All experiments were conducted using four replicates, each consisting of three plants with completely randomize design (CRD). Statistical analysis was analyzed with SPSS (IBM Corporation; Armonk, NY, USA). One-way analysis of variance (ANOVA) was used to examine the differences between treatments for each parameter. Statistical differences between treatments were analyzed with Duncan’s multiple range test (DMRT) tested at the p < 0.05 level. The data presented are the mean ± SE (standard error) of four replicates for each group.

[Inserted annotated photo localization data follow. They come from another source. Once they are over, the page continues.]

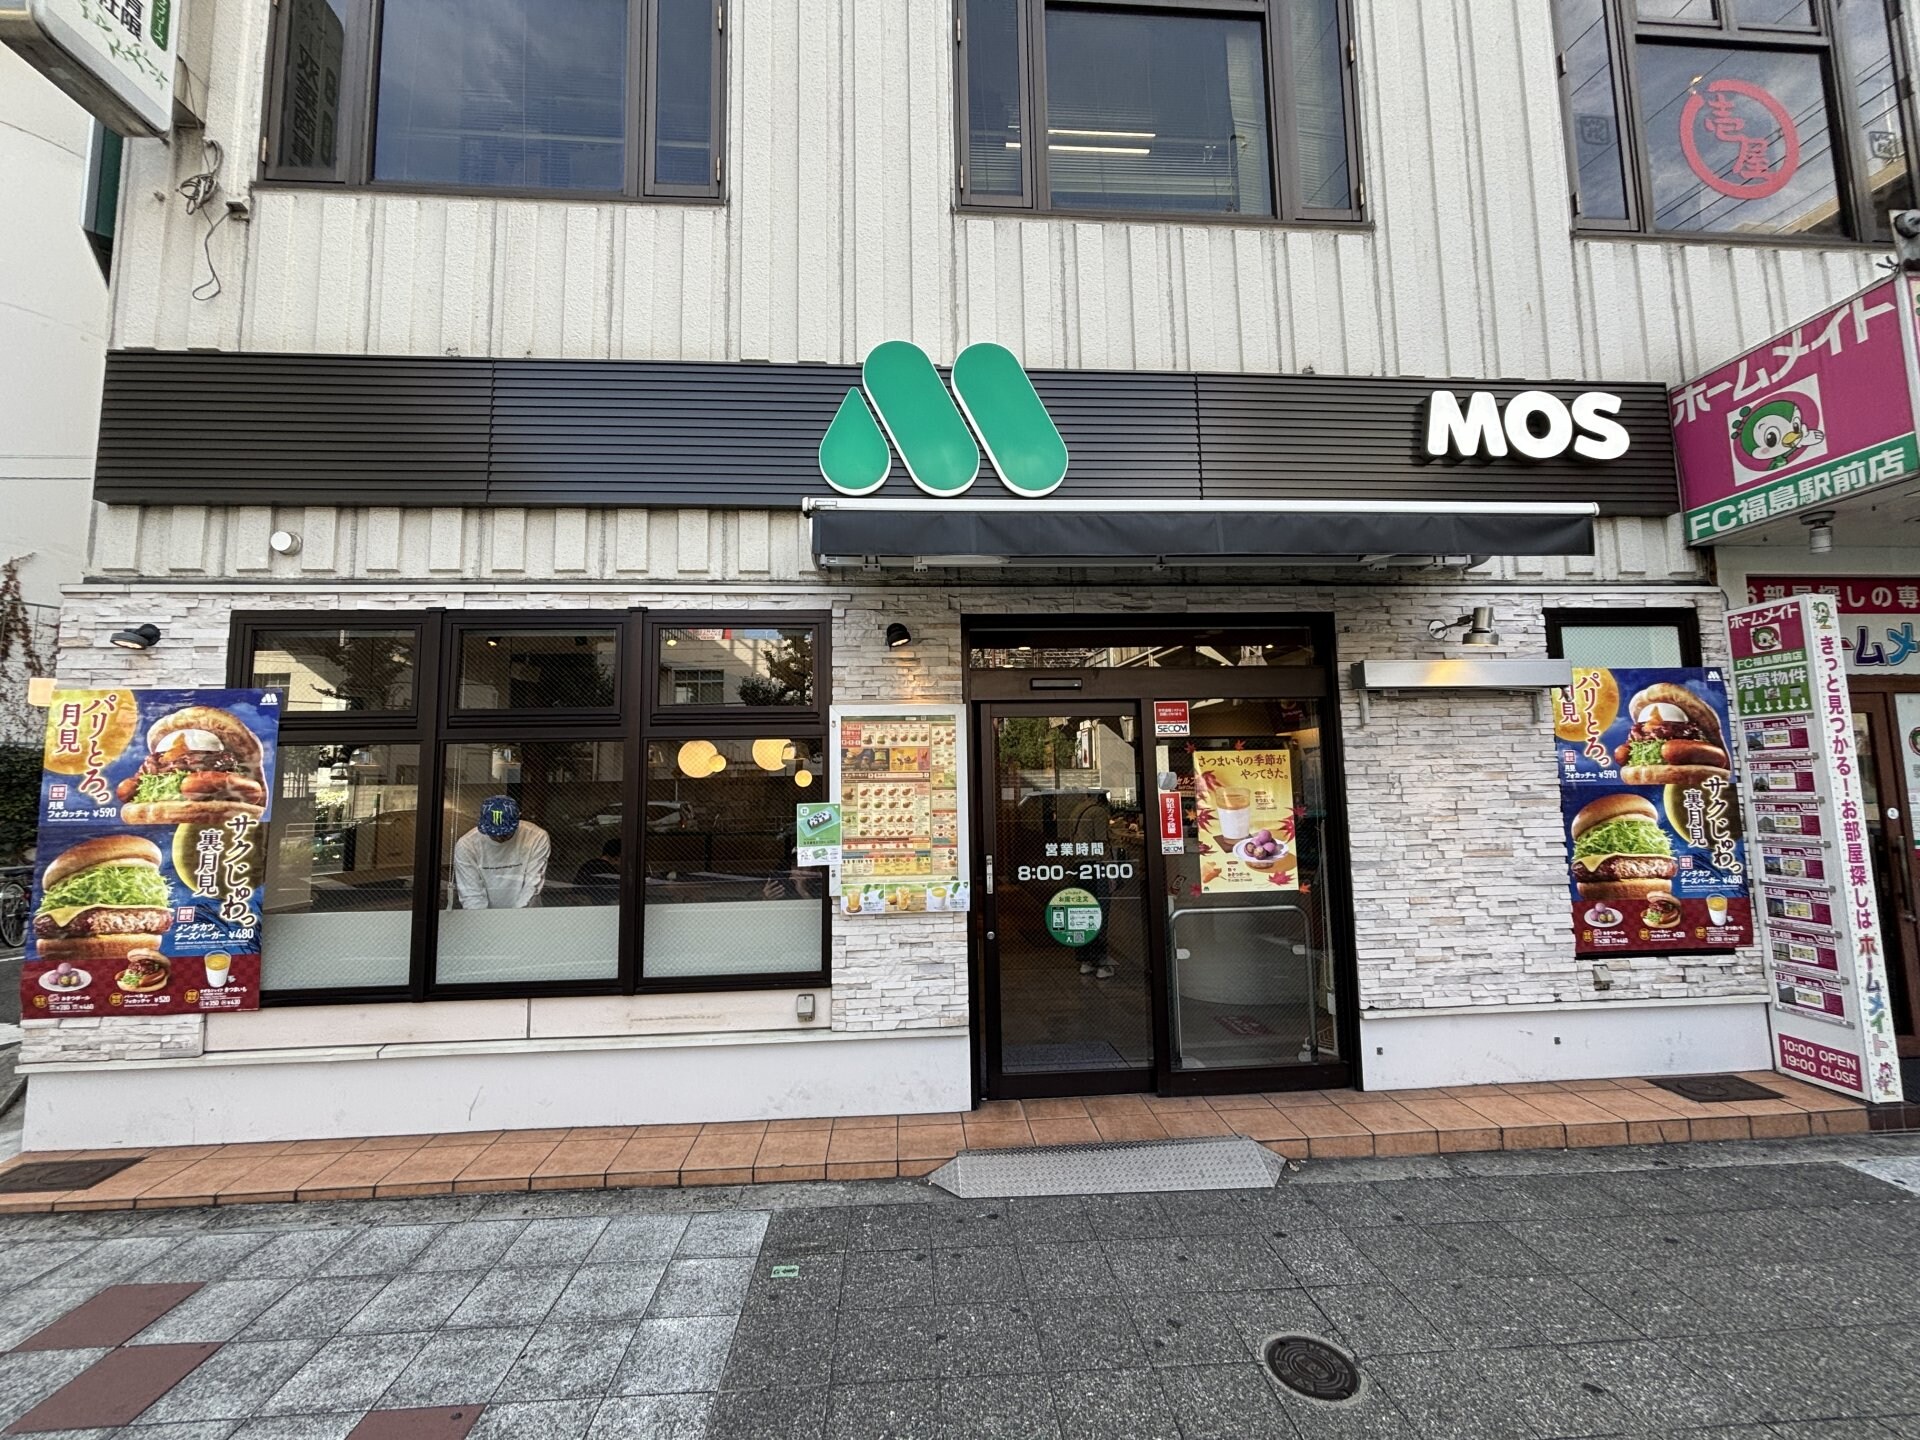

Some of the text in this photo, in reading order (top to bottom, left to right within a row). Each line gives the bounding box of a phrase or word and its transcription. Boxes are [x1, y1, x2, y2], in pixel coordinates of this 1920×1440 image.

[1672, 297, 1896, 427] ホームメイト
[1425, 390, 1631, 461] MOS
[1689, 447, 1905, 540] FC福島駅前店
[1729, 604, 1800, 629] ホームメイト
[1736, 651, 1804, 669] FC福島駅前店
[1841, 622, 1920, 667] ムメ
[1737, 667, 1807, 690] 売買物件
[56, 703, 81, 754] 月見
[1157, 724, 1188, 733] SECOM
[1576, 672, 1610, 766] パリとろっ
[79, 693, 117, 803] パリとろっ
[1198, 753, 1286, 767] さつまいもの季節が
[1240, 768, 1289, 780] やってきた。
[47, 807, 117, 818] フォカッチャ ¥590
[1685, 790, 1708, 847] 裏月見
[1704, 776, 1743, 872] サクじゅわっ
[195, 829, 224, 897] 裏月見
[1045, 842, 1104, 857] 営業時間
[220, 815, 257, 927] サクじゅわっ
[1680, 876, 1721, 885] チーズバーガー
[174, 928, 254, 941] チーズバーガー ¥480
[175, 923, 215, 932] メンチカツ
[1858, 935, 1889, 1056] ホームメイト
[1782, 1039, 1857, 1070] 10:00 OPEN
[1784, 1054, 1858, 1086] 19:00 CLOSE

In order to investigate the association between different variables at six different planting densities and three harvest times, a principal component analysis (PCA) was performed using the software JMP version 6.0 (SAS Institute Inc., Cary, NC, USA). In addition, Pearson’s correlation coefficient was used to evaluate the relationship between physiological response, growth, yield and AP1 content. Further, a hierarchical cluster analysis was performed using Ward’s method which provides output results in heat map format. For this, Z-scores were calculated by subtracting the actual value from the mean score of each parameter and dividing by the standard deviation of its parameters.


Photosynthetic gas exchange performance

Plant density conditions influenced several photosynthetic gas exchange parameters of Andrographis plants grown under PFAL (Fig 3). Net photosynthesis rate (Pn) of Andrographis leaves at various planting densities was not significantly different among the plant densities at vegetative and initial stage of flowering (Fig 3A). In contrast, Pn of Andrographis leaves at flowering stage were significantly different according to plant densities, with 15 plant m-2 recording the highest Pn values. The higher planting densities (20, 25, 35 and 40 plants m-2) caused a significant decrease in the Pn value of Andrographis leaves. Moreover, results show that Pn values were higher in vegetative and initial stage of flowering compared to flowering stage.

Fig 3.

Responses of gas exchange parameters: net photosynthesis rate (Pn) (A), stomatal conductance (gs) (B), internal CO2 concentration (Ci) (C) and transpiration rate (E) (D) of Andrographis leaves at six planting densities during vegetative (30 DAT), initial flowering (60 DAT) and flowering (90 DAT) stages. Values are represented as mean ± SE (n = 4). Different letters indicate significant differences between planting densities at p < 0.05. “ns” indicates no significant difference.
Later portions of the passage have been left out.